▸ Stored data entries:
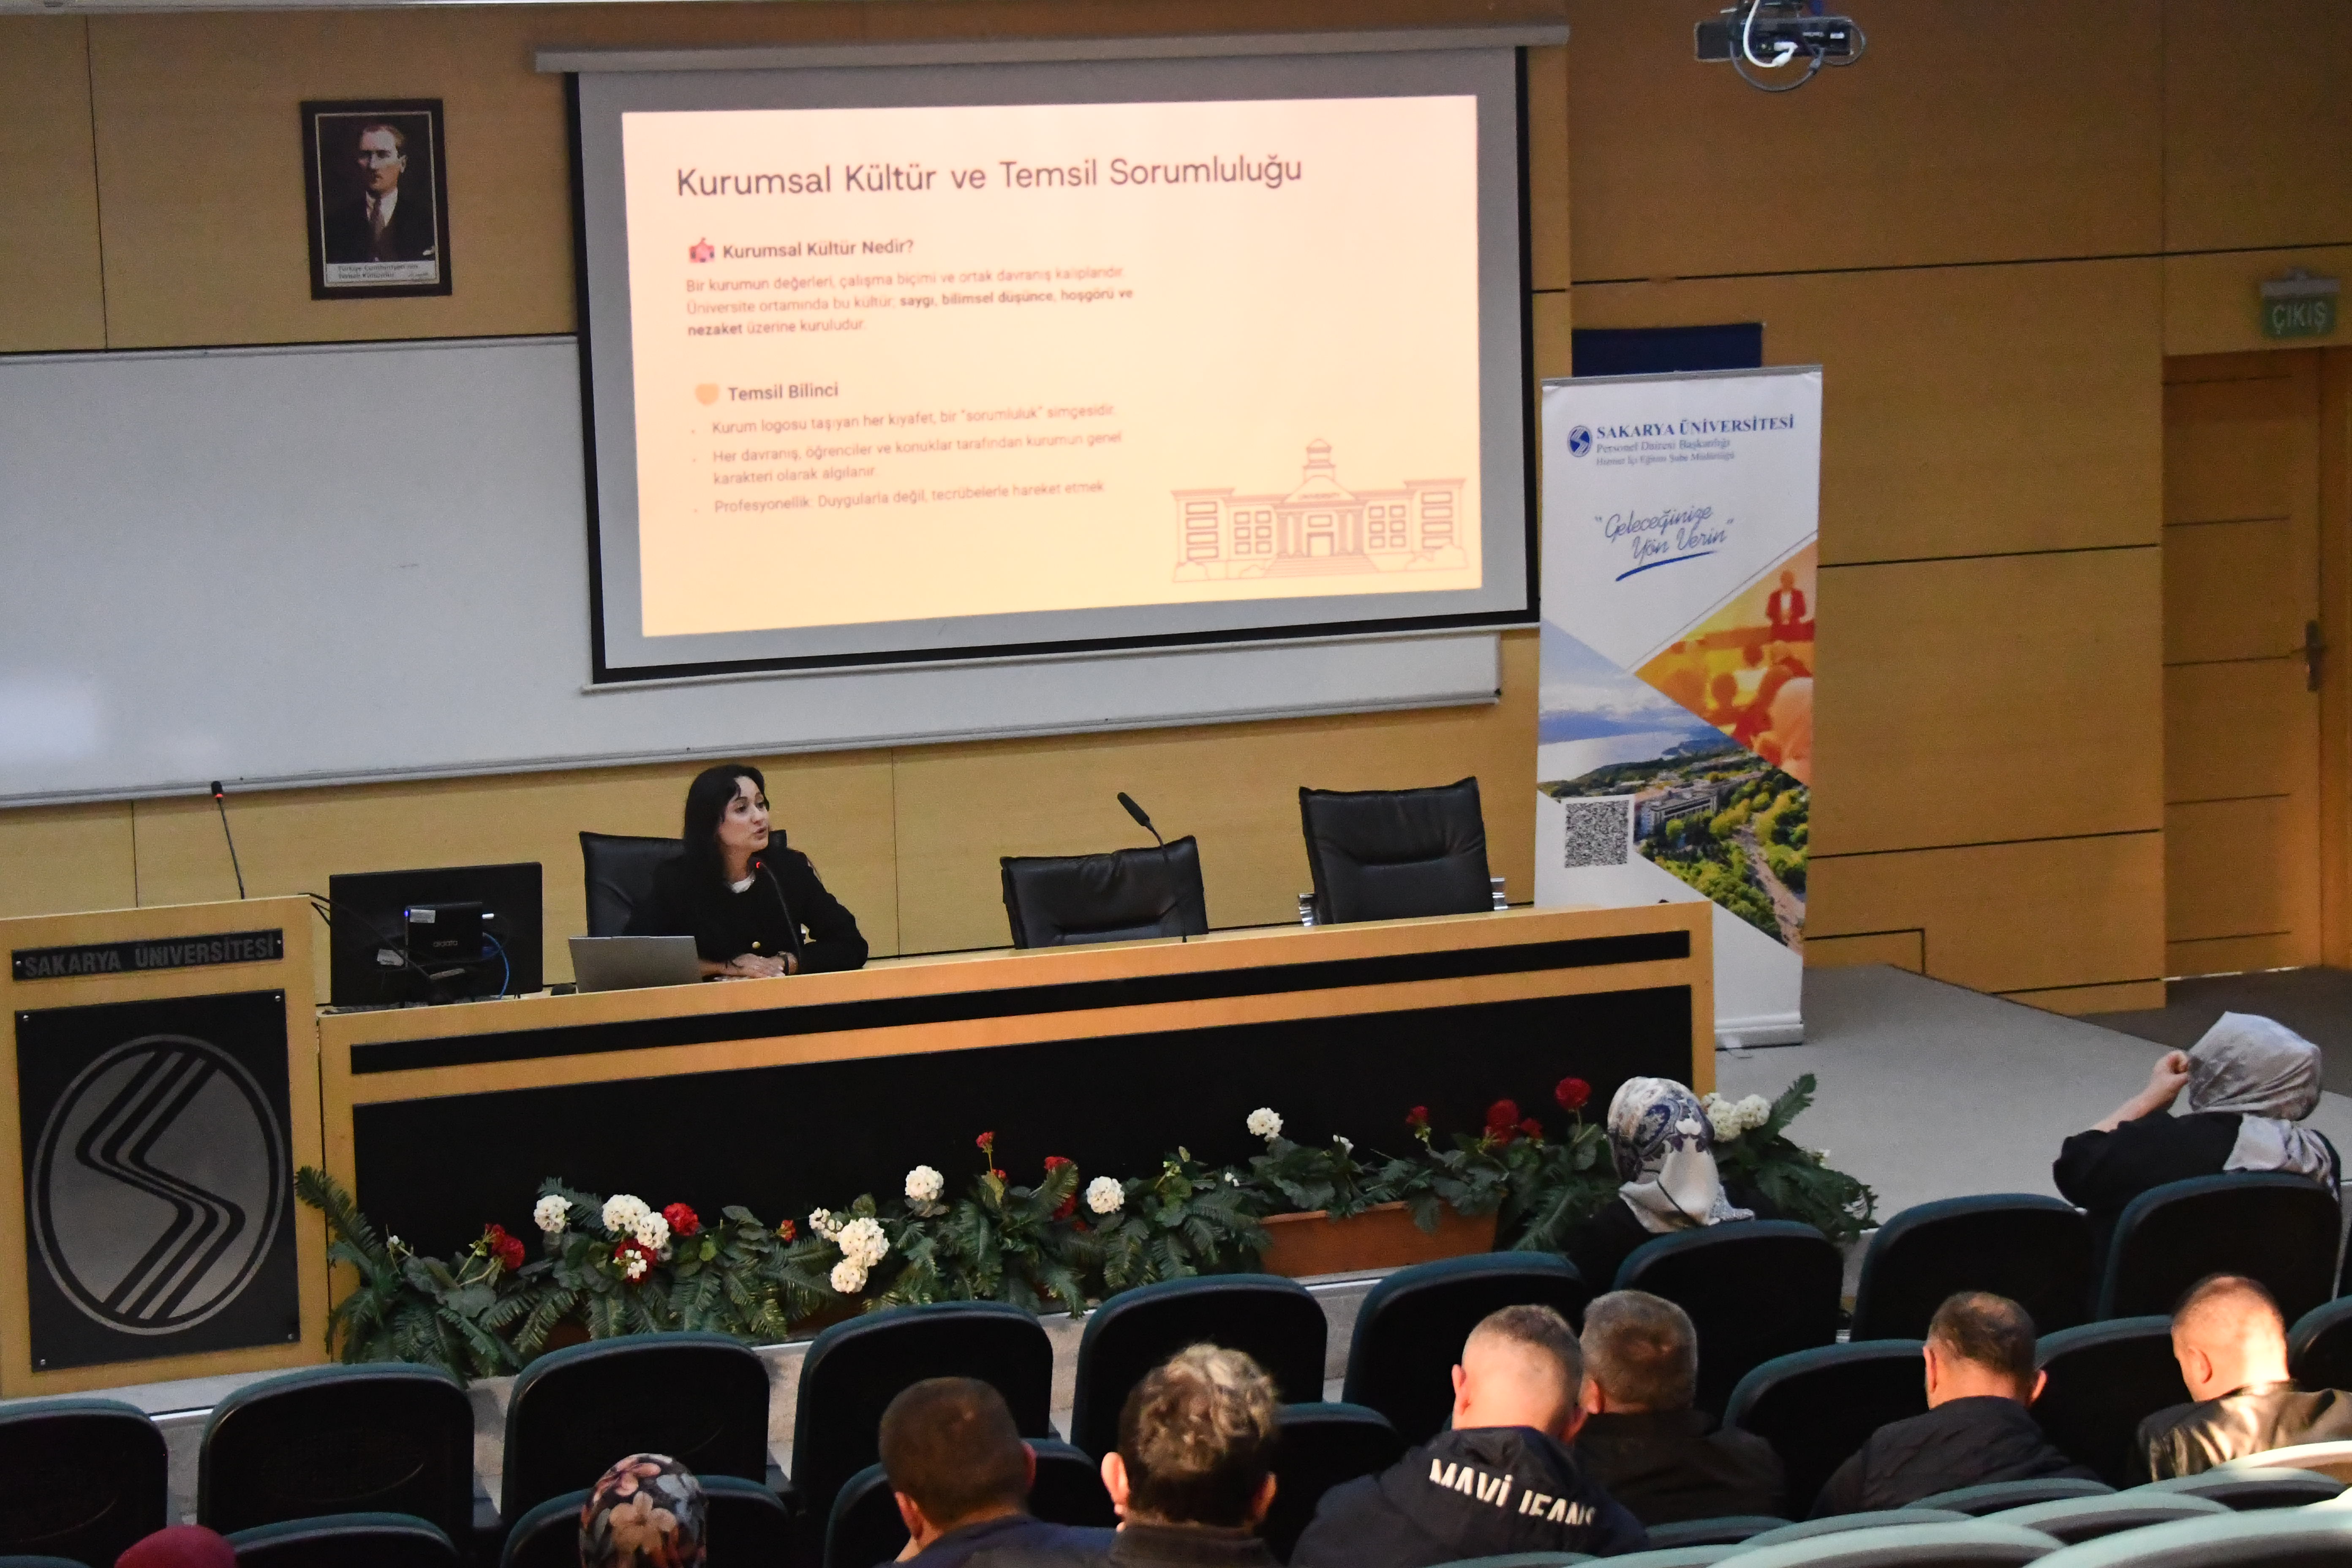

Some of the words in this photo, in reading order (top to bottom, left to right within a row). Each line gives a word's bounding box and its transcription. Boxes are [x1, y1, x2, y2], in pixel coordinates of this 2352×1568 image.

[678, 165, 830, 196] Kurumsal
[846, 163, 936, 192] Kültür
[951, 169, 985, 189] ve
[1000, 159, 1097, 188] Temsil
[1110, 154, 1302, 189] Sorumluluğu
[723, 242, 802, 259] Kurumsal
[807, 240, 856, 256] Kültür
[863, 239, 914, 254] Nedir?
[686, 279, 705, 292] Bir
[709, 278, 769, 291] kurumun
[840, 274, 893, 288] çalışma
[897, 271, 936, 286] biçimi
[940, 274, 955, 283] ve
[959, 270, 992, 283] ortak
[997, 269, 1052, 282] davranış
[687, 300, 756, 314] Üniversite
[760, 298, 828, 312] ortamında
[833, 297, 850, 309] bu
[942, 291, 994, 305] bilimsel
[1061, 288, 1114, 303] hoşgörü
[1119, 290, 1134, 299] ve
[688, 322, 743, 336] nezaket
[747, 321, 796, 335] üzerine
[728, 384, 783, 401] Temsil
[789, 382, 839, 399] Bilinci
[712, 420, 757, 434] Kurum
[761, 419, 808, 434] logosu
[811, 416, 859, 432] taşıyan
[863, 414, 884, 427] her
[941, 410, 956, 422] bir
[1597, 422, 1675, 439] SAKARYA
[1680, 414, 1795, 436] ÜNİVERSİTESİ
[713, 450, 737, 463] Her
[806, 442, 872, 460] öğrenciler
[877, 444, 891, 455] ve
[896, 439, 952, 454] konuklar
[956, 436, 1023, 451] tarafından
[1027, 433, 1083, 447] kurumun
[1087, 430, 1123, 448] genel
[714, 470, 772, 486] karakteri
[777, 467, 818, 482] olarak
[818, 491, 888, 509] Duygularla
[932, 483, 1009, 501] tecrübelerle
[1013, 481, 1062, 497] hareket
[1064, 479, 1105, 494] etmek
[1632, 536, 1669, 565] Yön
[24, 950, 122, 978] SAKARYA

▸ Brief:
Give the records again without a single change, and exclude the pictures.

▸ Solution below:
Some of the words in this photo, in reading order (top to bottom, left to right within a row). Each line gives a word's bounding box and its transcription. Boxes are [x1, y1, x2, y2], in pixel coordinates of this 2352×1568 image.

[678, 165, 830, 196] Kurumsal
[846, 163, 936, 192] Kültür
[951, 169, 985, 189] ve
[1000, 159, 1097, 188] Temsil
[1110, 154, 1302, 189] Sorumluluğu
[723, 242, 802, 259] Kurumsal
[807, 240, 856, 256] Kültür
[863, 239, 914, 254] Nedir?
[686, 279, 705, 292] Bir
[709, 278, 769, 291] kurumun
[840, 274, 893, 288] çalışma
[897, 271, 936, 286] biçimi
[940, 274, 955, 283] ve
[959, 270, 992, 283] ortak
[997, 269, 1052, 282] davranış
[687, 300, 756, 314] Üniversite
[760, 298, 828, 312] ortamında
[833, 297, 850, 309] bu
[942, 291, 994, 305] bilimsel
[1061, 288, 1114, 303] hoşgörü
[1119, 290, 1134, 299] ve
[688, 322, 743, 336] nezaket
[747, 321, 796, 335] üzerine
[728, 384, 783, 401] Temsil
[789, 382, 839, 399] Bilinci
[712, 420, 757, 434] Kurum
[761, 419, 808, 434] logosu
[811, 416, 859, 432] taşıyan
[863, 414, 884, 427] her
[941, 410, 956, 422] bir
[1597, 422, 1675, 439] SAKARYA
[1680, 414, 1795, 436] ÜNİVERSİTESİ
[713, 450, 737, 463] Her
[806, 442, 872, 460] öğrenciler
[877, 444, 891, 455] ve
[896, 439, 952, 454] konuklar
[956, 436, 1023, 451] tarafından
[1027, 433, 1083, 447] kurumun
[1087, 430, 1123, 448] genel
[714, 470, 772, 486] karakteri
[777, 467, 818, 482] olarak
[818, 491, 888, 509] Duygularla
[932, 483, 1009, 501] tecrübelerle
[1013, 481, 1062, 497] hareket
[1064, 479, 1105, 494] etmek
[1632, 536, 1669, 565] Yön
[24, 950, 122, 978] SAKARYA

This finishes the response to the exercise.